Repeat only the lines from the one that contains "this 1920×1080 image." through the final line of the listing below, exactly, please, without pictures.
────
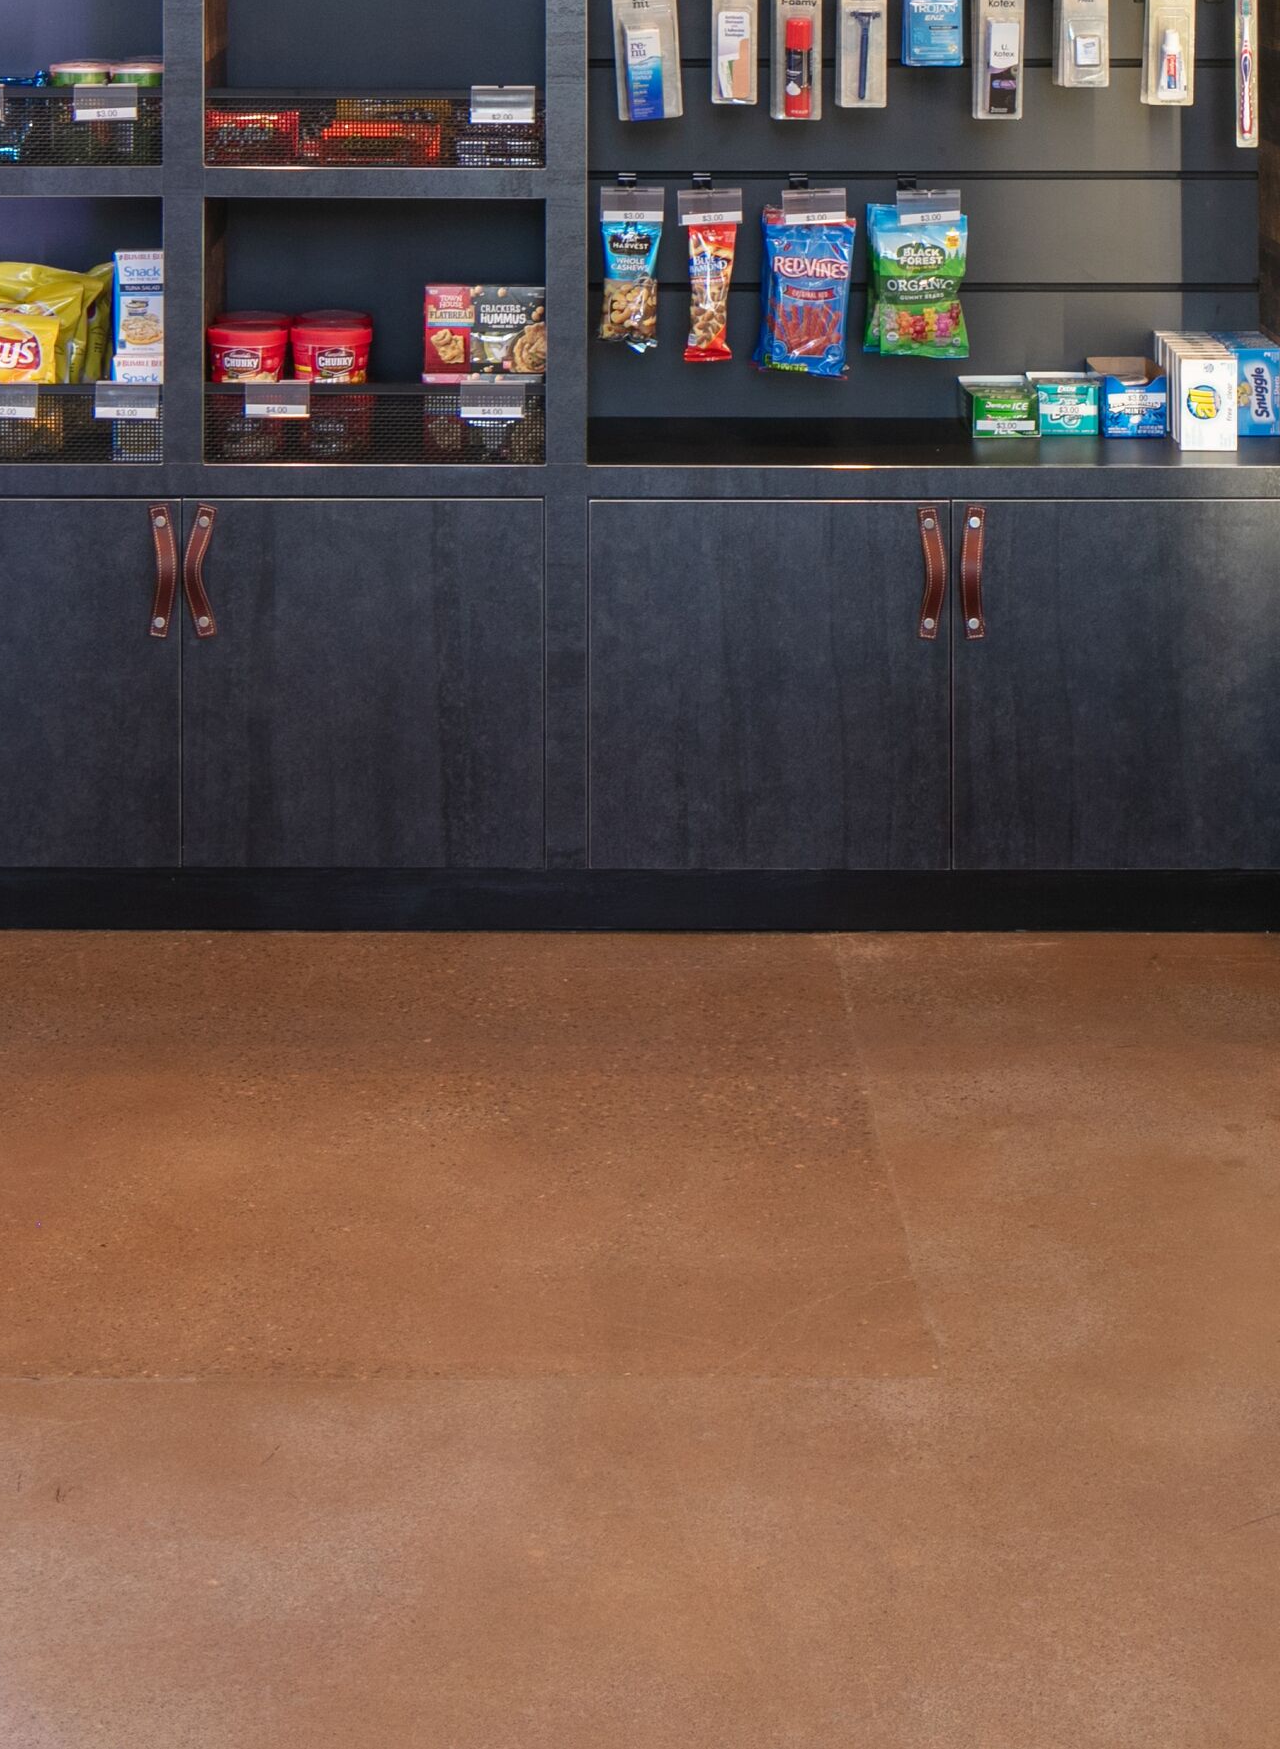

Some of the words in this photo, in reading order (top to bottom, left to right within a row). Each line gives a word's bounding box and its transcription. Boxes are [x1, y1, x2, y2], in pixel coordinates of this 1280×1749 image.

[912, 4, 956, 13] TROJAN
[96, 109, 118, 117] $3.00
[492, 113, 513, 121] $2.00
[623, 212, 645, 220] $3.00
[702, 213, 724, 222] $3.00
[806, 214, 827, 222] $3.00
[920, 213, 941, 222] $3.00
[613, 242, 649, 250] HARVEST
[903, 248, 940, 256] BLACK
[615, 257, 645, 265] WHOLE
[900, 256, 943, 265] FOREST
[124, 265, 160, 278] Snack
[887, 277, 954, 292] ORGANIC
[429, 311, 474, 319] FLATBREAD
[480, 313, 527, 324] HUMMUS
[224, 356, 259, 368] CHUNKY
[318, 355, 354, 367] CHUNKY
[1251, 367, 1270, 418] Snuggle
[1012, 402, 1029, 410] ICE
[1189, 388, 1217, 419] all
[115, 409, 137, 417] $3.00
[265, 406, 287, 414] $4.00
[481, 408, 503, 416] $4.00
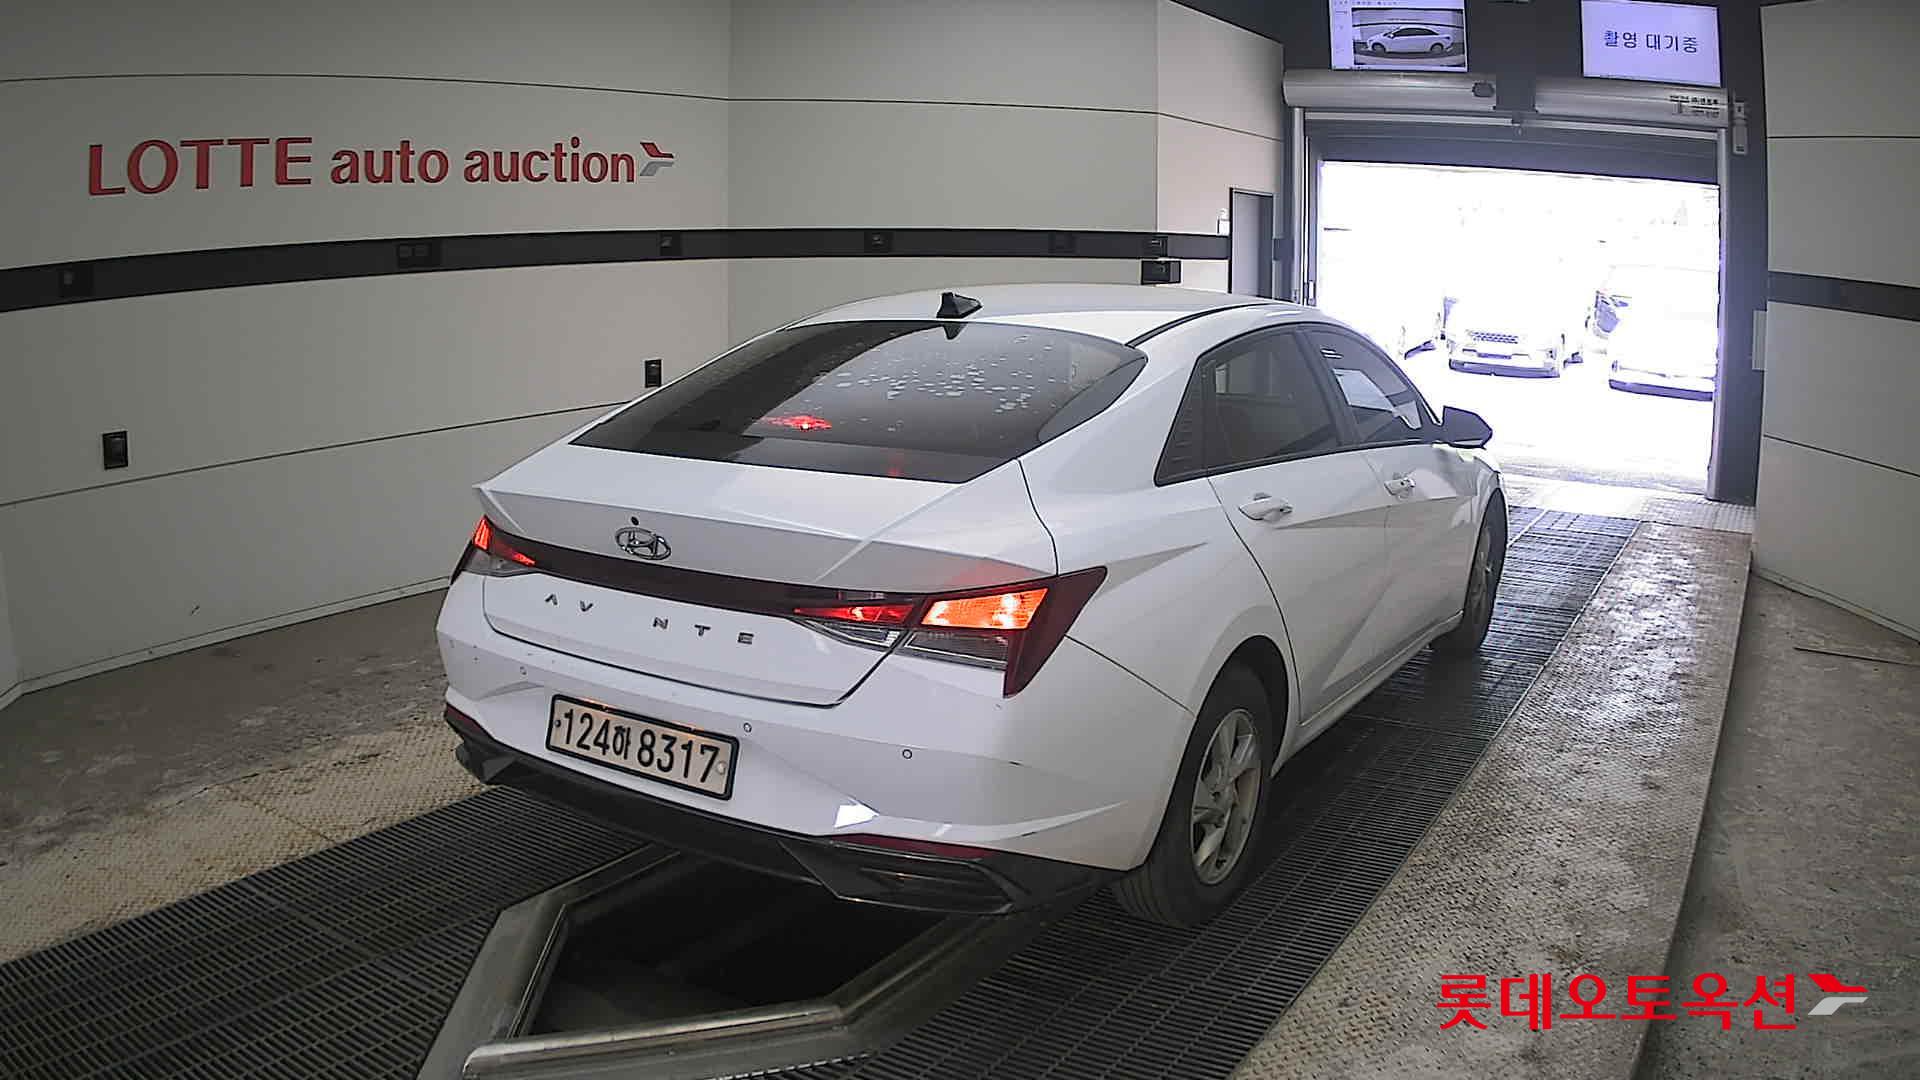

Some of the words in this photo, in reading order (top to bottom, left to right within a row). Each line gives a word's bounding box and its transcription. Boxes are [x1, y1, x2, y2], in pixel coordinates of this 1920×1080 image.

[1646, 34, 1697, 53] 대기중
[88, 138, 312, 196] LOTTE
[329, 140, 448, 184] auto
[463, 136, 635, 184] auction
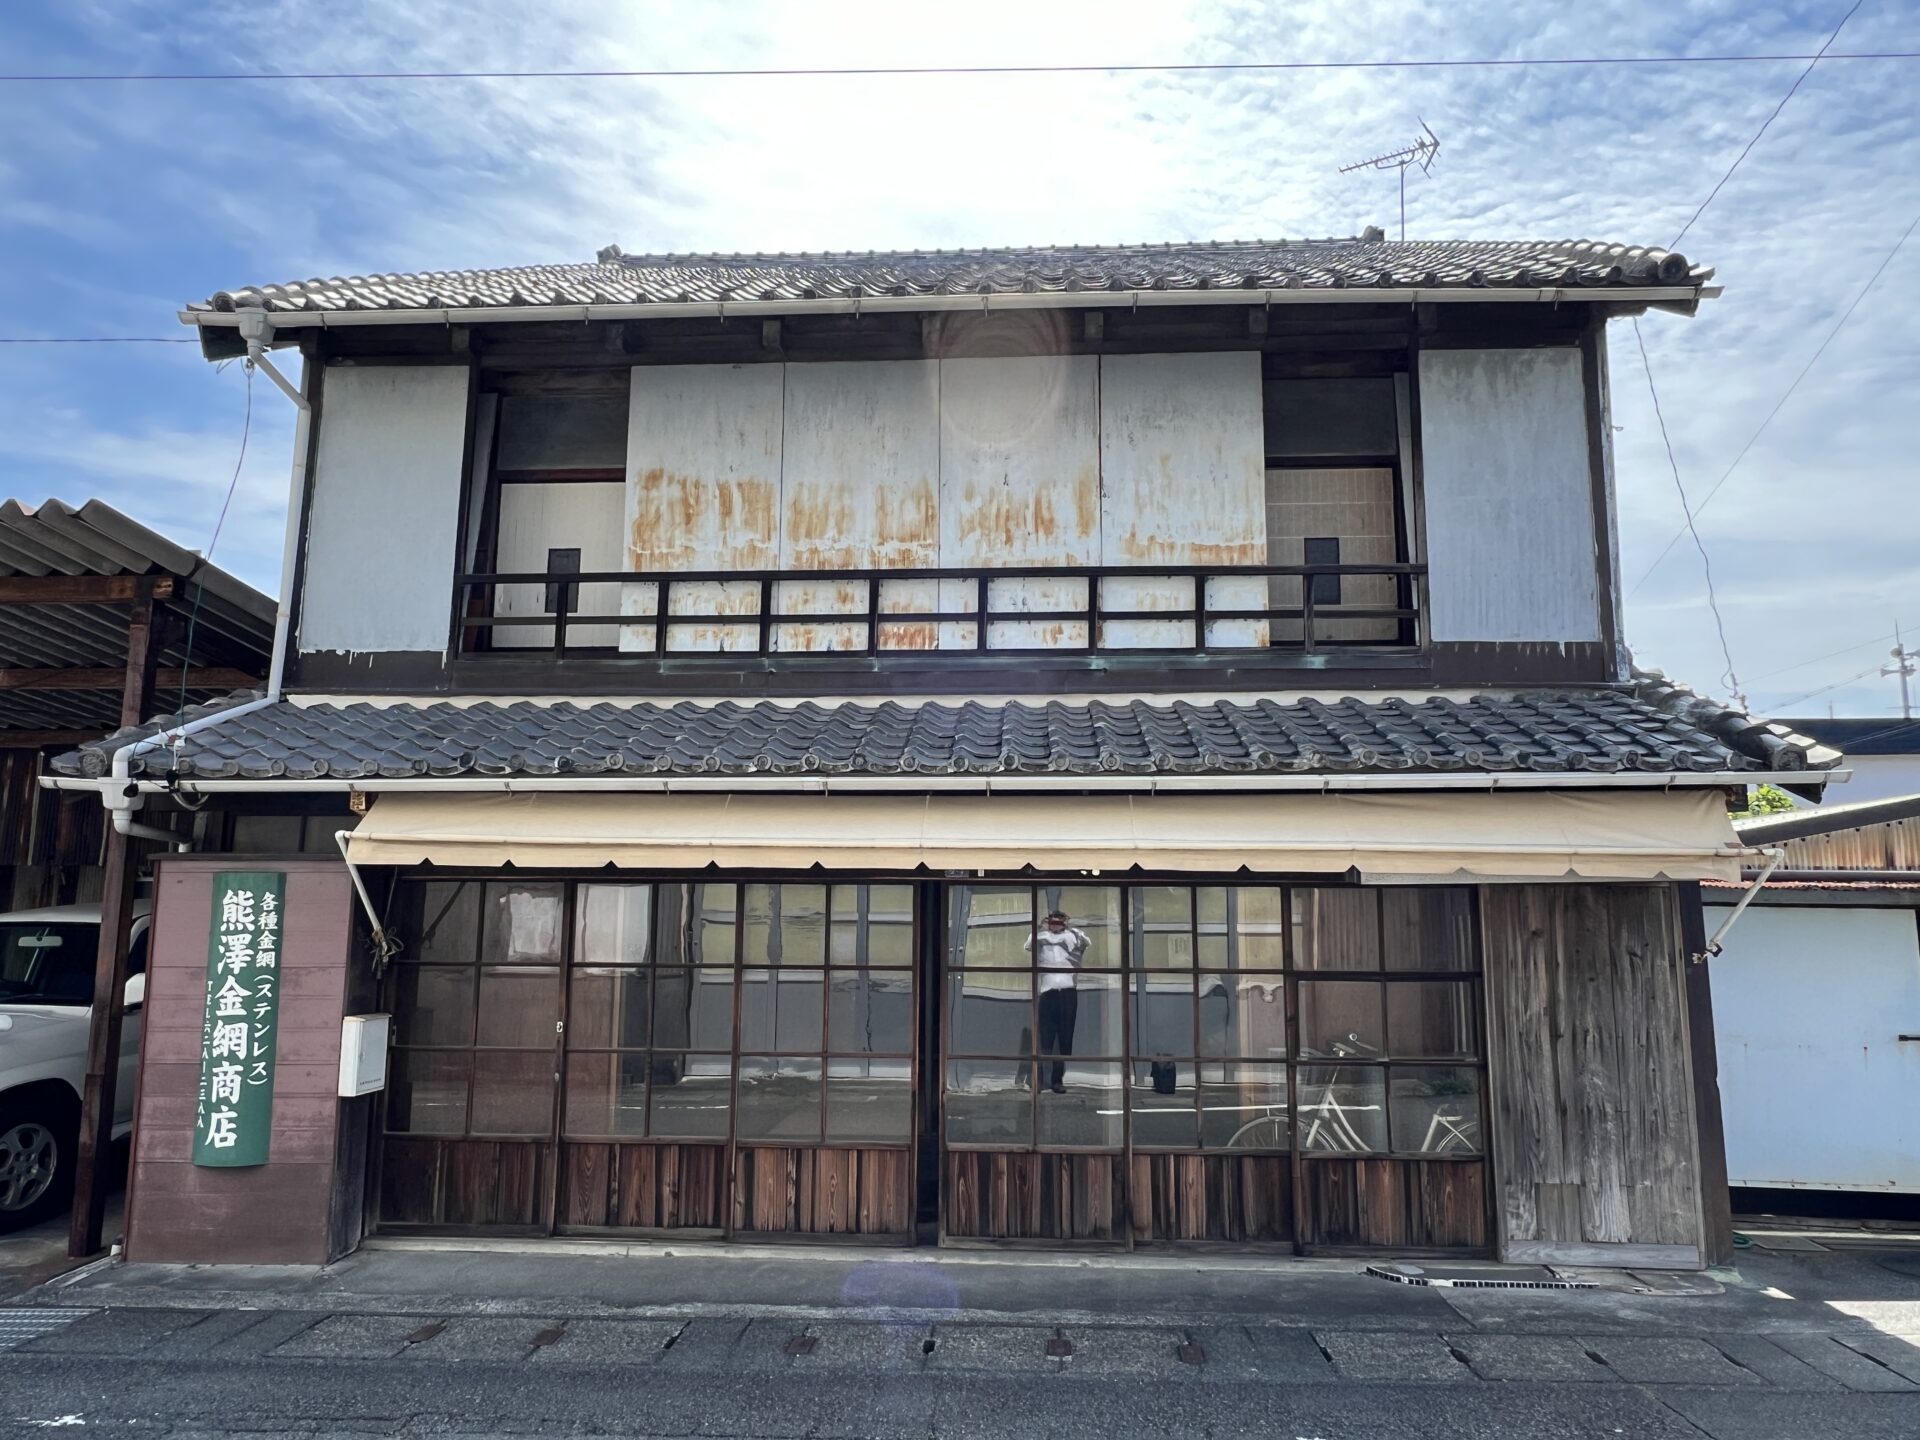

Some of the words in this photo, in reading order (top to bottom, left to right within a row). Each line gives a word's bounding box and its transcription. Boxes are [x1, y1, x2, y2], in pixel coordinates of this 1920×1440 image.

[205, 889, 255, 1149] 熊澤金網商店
────
> **Task output**:
Some of the words in this photo, in reading order (top to bottom, left to right within a row). Each line gives a word's bounding box and its transcription. Boxes are [x1, y1, x2, y2], in pixel coordinates of this 1920×1080 image.

[1646, 34, 1697, 53] 대기중
[88, 138, 312, 196] LOTTE
[329, 140, 448, 184] auto
[463, 136, 635, 184] auction

Some of the words in this photo, in reading order (top to bottom, left to right within a row). Each line gives a word's bounding box and its transcription. Boxes are [x1, y1, x2, y2], in pixel coordinates of this 1920×1440 image.

[205, 889, 255, 1149] 熊澤金網商店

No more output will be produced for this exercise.